— TASK DIRECTIONS —
Any images in the material are to be dropped while every line is retyped exactly.

—————

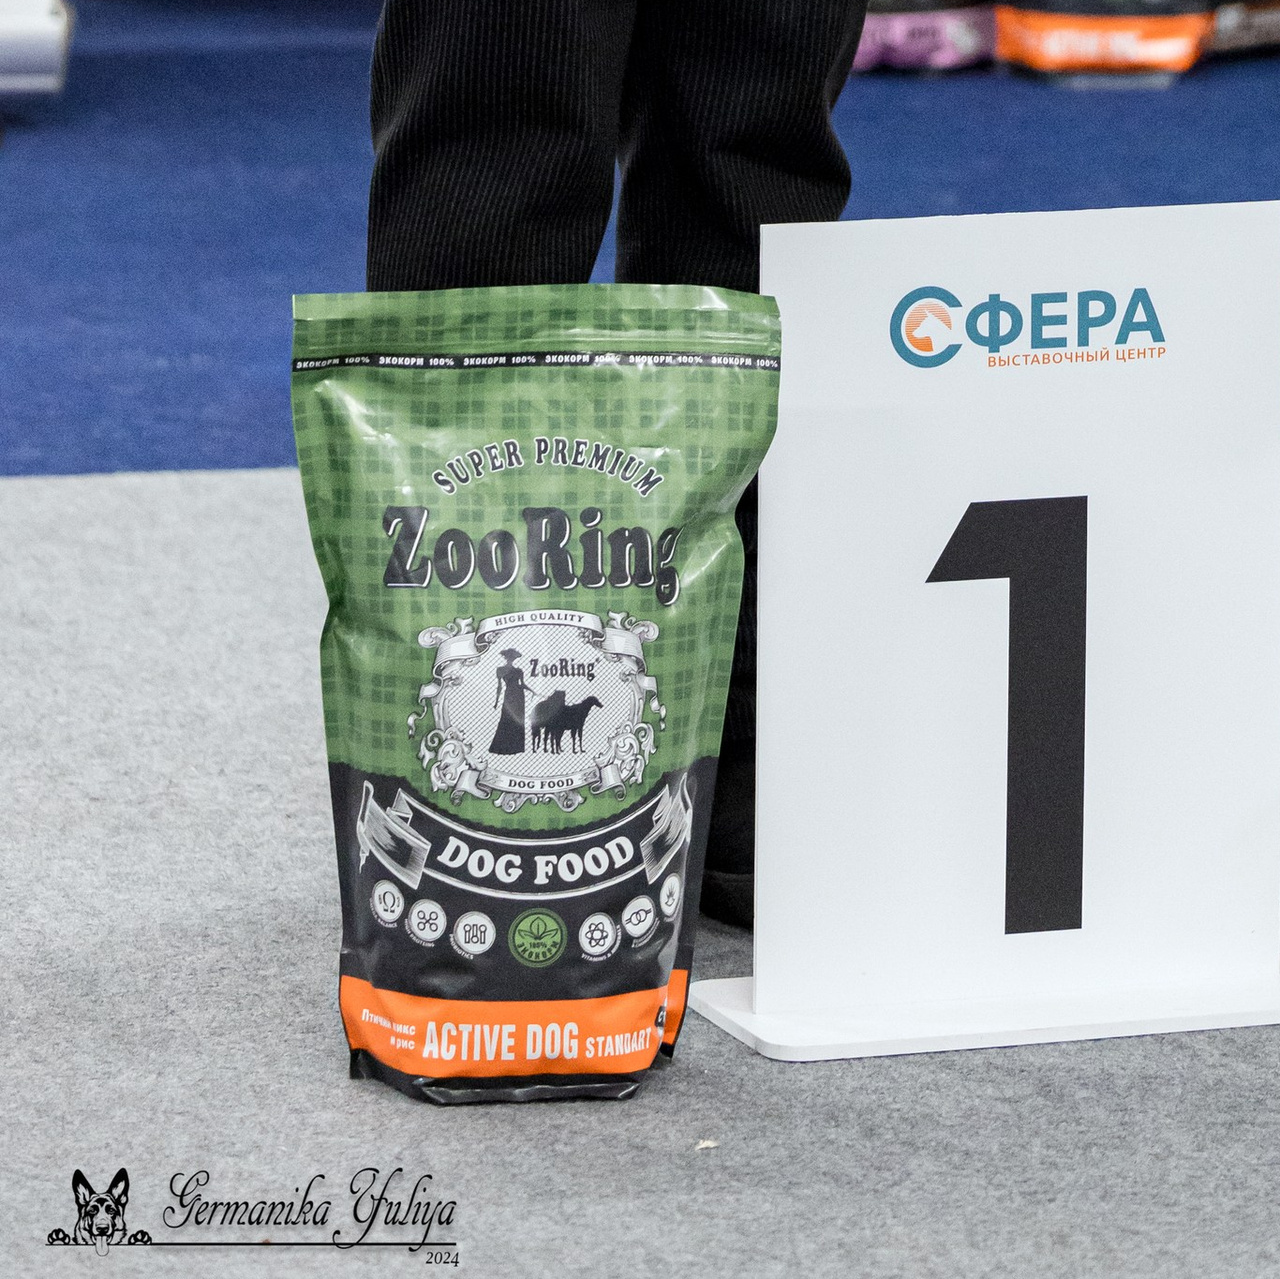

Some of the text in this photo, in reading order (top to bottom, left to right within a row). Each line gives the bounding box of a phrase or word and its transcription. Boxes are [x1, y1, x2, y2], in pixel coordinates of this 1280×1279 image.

[889, 285, 1167, 369] СФЕРА
[296, 357, 340, 369] ЭКОКОРМ
[345, 355, 370, 365] 100%
[379, 356, 424, 366] ЭКОКОРМ
[429, 357, 455, 367] 100%
[463, 356, 506, 366] ЭКОКОРМ
[511, 355, 537, 364] 100%
[545, 354, 590, 363] ЭКОКОРМ
[629, 354, 673, 364] ЭКОКОРМ
[677, 355, 703, 364] 100%
[711, 356, 752, 366] ЭКОКОРМ
[756, 359, 778, 368] 100%
[987, 346, 1167, 368] ВЫСТАВОЧНЫЙ ЦЕНТР
[432, 436, 665, 497] SUPER PREMIUM
[382, 505, 684, 606] ZooRing
[494, 612, 585, 627] HIGH QUALITY
[925, 495, 1088, 935] 1
[508, 777, 574, 789] DOG FOOD
[437, 835, 634, 885] DOG FOOD
[396, 1038, 415, 1050] рис
[422, 1021, 652, 1062] ACTIVE DOG STANDART
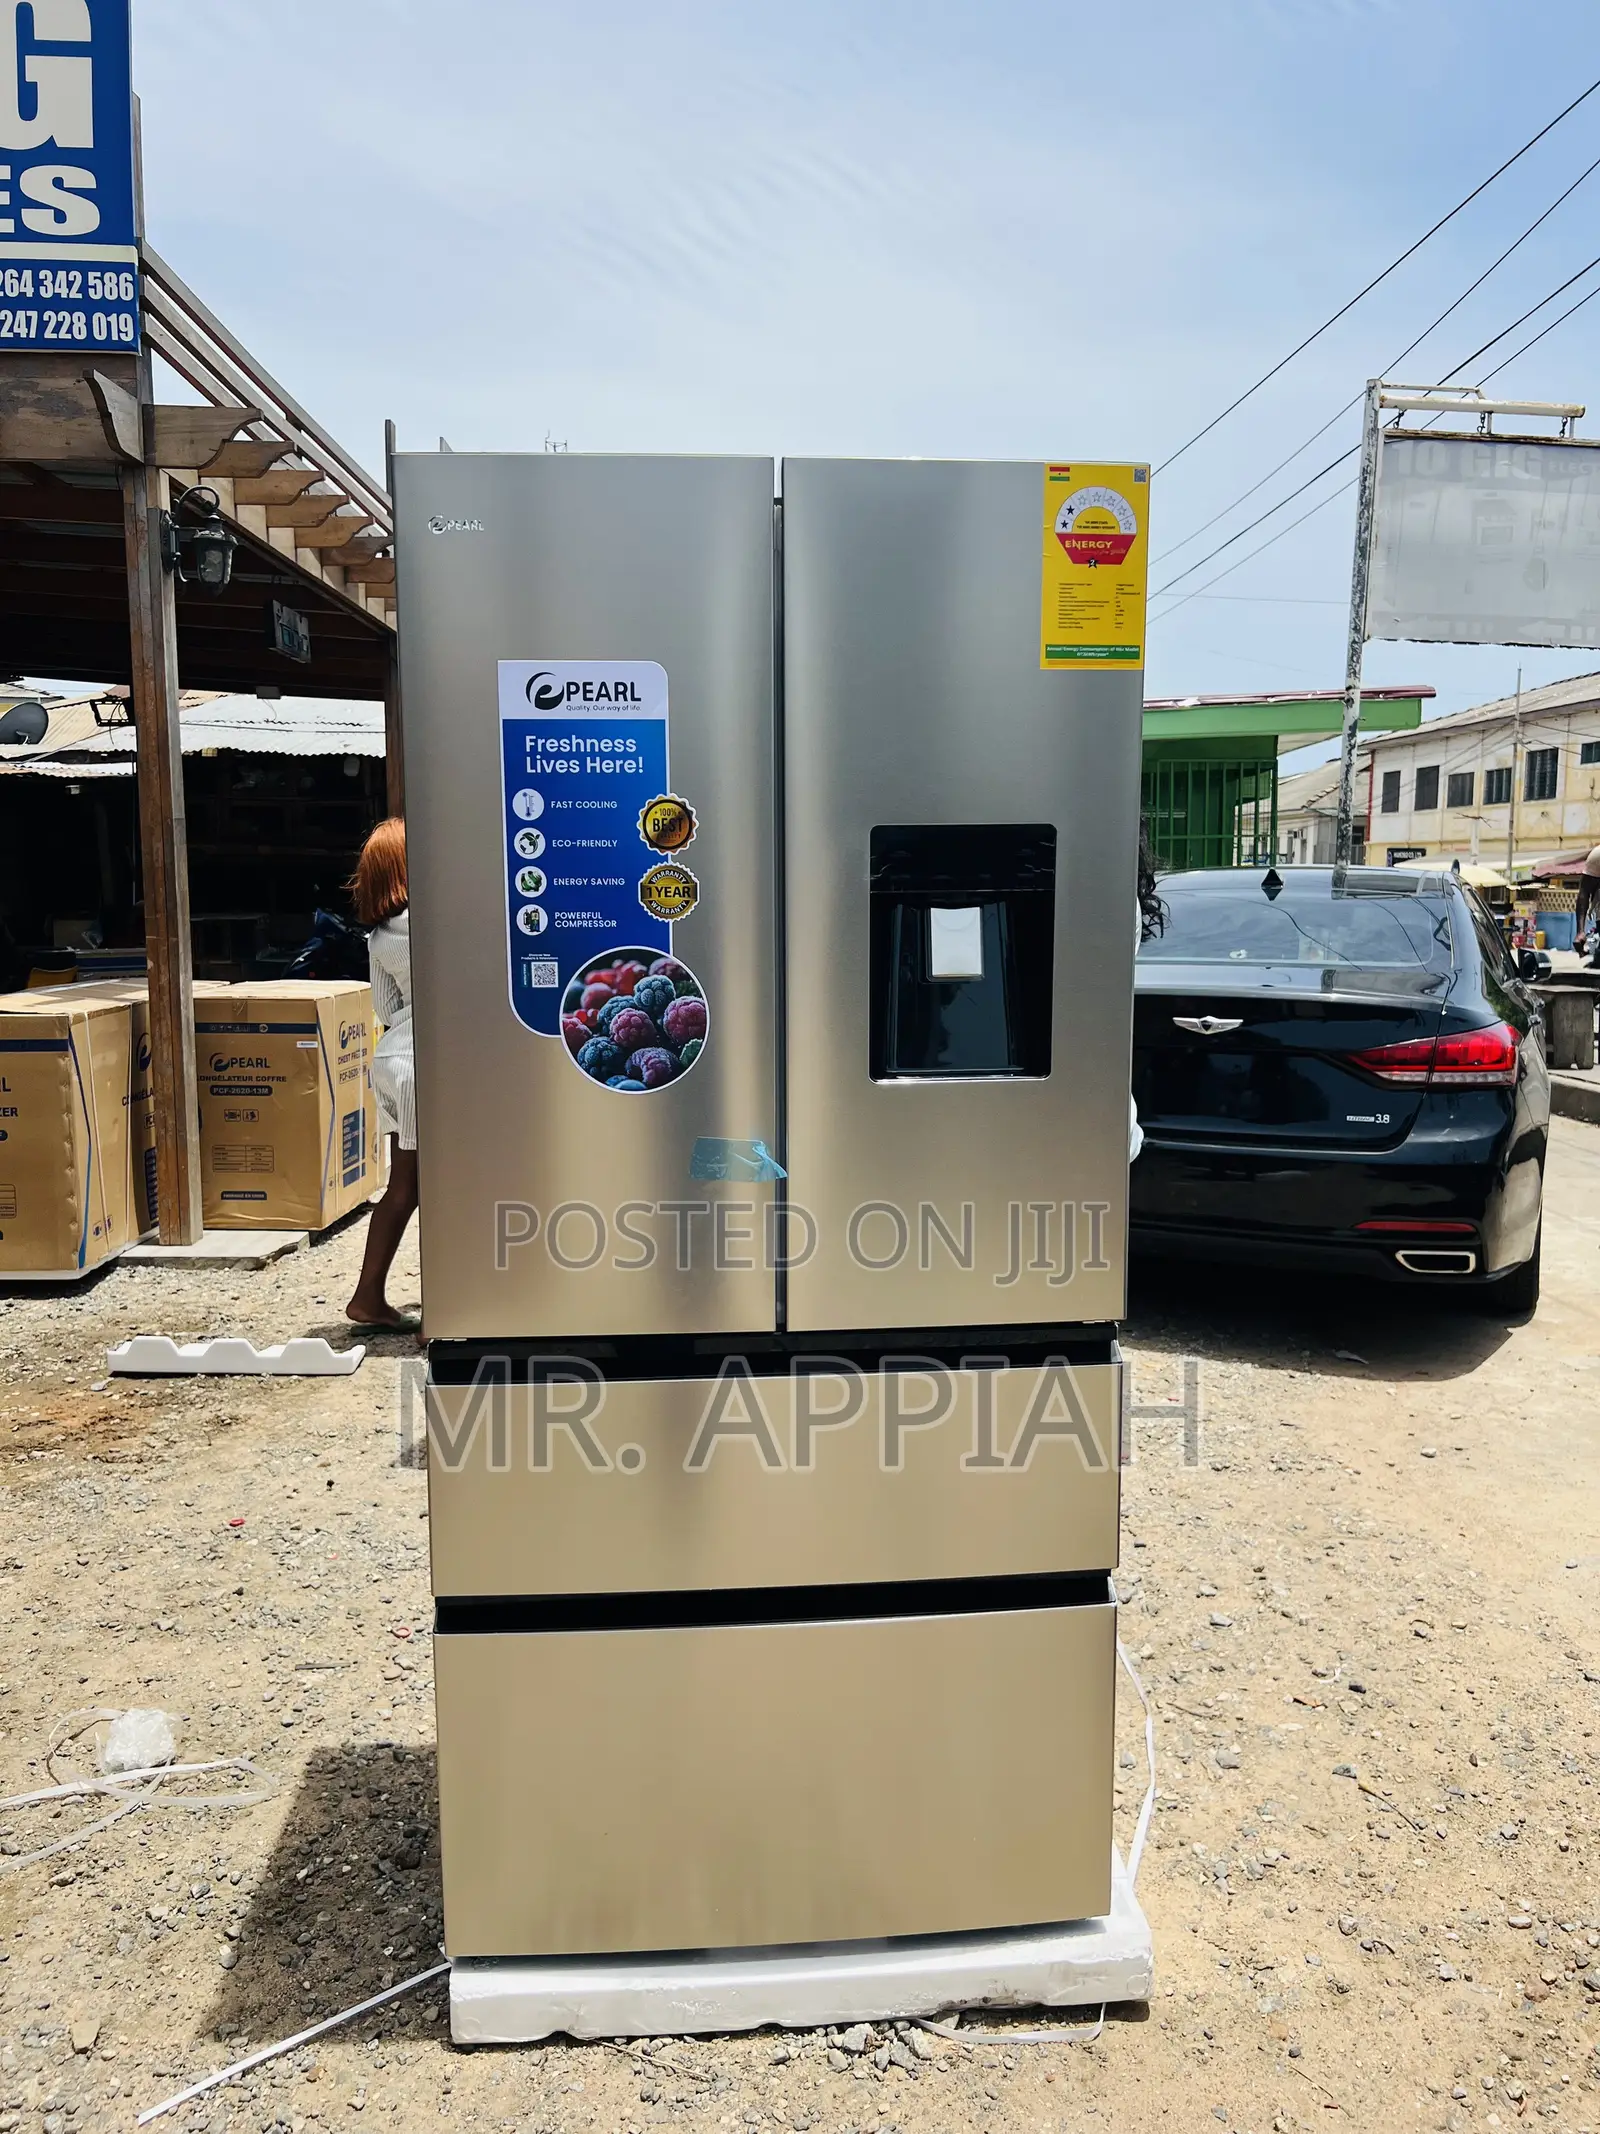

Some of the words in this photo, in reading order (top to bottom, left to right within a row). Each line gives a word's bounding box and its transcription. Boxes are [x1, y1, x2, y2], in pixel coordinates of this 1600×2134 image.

[0, 0, 94, 150] G
[38, 269, 83, 299] 342
[88, 271, 134, 301] 586
[0, 309, 38, 339] 247
[43, 310, 88, 340] 228
[92, 312, 134, 342] 019
[1391, 440, 1449, 476] 10
[447, 519, 485, 531] PEARL
[1065, 538, 1113, 550] ENERGY
[566, 681, 642, 702] PEARL
[606, 705, 621, 713] way
[525, 734, 637, 753] Freshness
[526, 754, 580, 774] Lives
[586, 756, 644, 774] Here!
[550, 800, 574, 809] FAST
[575, 800, 618, 809] COOLING
[660, 807, 678, 817] 100%
[652, 817, 684, 833] BEST
[552, 839, 618, 848] ECO-FRIENDLY
[553, 877, 589, 886] ENERGY
[590, 877, 626, 886] SAVING
[650, 870, 687, 884] WARRANTY
[646, 886, 653, 898] 1
[654, 886, 691, 898] YEAR
[650, 900, 687, 915] WARRANTY
[554, 911, 603, 920] POWERFUL
[554, 920, 617, 928] COMPRESSOR
[351, 1048, 368, 1060] FREEER
[230, 1057, 271, 1068] PEARL
[0, 1076, 12, 1092] L
[255, 1075, 287, 1083] COFFRE

—————

— SOLUTION FOR THIS TASK —
Some of the text in this photo, in reading order (top to bottom, left to right within a row). Each line gives the bounding box of a phrase or word and its transcription. Boxes are [x1, y1, x2, y2], in pixel coordinates of this 1280×1279 image.

[889, 285, 1167, 369] СФЕРА
[296, 357, 340, 369] ЭКОКОРМ
[345, 355, 370, 365] 100%
[379, 356, 424, 366] ЭКОКОРМ
[429, 357, 455, 367] 100%
[463, 356, 506, 366] ЭКОКОРМ
[511, 355, 537, 364] 100%
[545, 354, 590, 363] ЭКОКОРМ
[629, 354, 673, 364] ЭКОКОРМ
[677, 355, 703, 364] 100%
[711, 356, 752, 366] ЭКОКОРМ
[756, 359, 778, 368] 100%
[987, 346, 1167, 368] ВЫСТАВОЧНЫЙ ЦЕНТР
[432, 436, 665, 497] SUPER PREMIUM
[382, 505, 684, 606] ZooRing
[494, 612, 585, 627] HIGH QUALITY
[925, 495, 1088, 935] 1
[508, 777, 574, 789] DOG FOOD
[437, 835, 634, 885] DOG FOOD
[396, 1038, 415, 1050] рис
[422, 1021, 652, 1062] ACTIVE DOG STANDART

Some of the words in this photo, in reading order (top to bottom, left to right within a row). Each line gives a word's bounding box and its transcription. Boxes are [x1, y1, x2, y2], in pixel coordinates of this 1600×2134 image.

[0, 0, 94, 150] G
[38, 269, 83, 299] 342
[88, 271, 134, 301] 586
[0, 309, 38, 339] 247
[43, 310, 88, 340] 228
[92, 312, 134, 342] 019
[1391, 440, 1449, 476] 10
[447, 519, 485, 531] PEARL
[1065, 538, 1113, 550] ENERGY
[566, 681, 642, 702] PEARL
[606, 705, 621, 713] way
[525, 734, 637, 753] Freshness
[526, 754, 580, 774] Lives
[586, 756, 644, 774] Here!
[550, 800, 574, 809] FAST
[575, 800, 618, 809] COOLING
[660, 807, 678, 817] 100%
[652, 817, 684, 833] BEST
[552, 839, 618, 848] ECO-FRIENDLY
[553, 877, 589, 886] ENERGY
[590, 877, 626, 886] SAVING
[650, 870, 687, 884] WARRANTY
[646, 886, 653, 898] 1
[654, 886, 691, 898] YEAR
[650, 900, 687, 915] WARRANTY
[554, 911, 603, 920] POWERFUL
[554, 920, 617, 928] COMPRESSOR
[351, 1048, 368, 1060] FREEER
[230, 1057, 271, 1068] PEARL
[0, 1076, 12, 1092] L
[255, 1075, 287, 1083] COFFRE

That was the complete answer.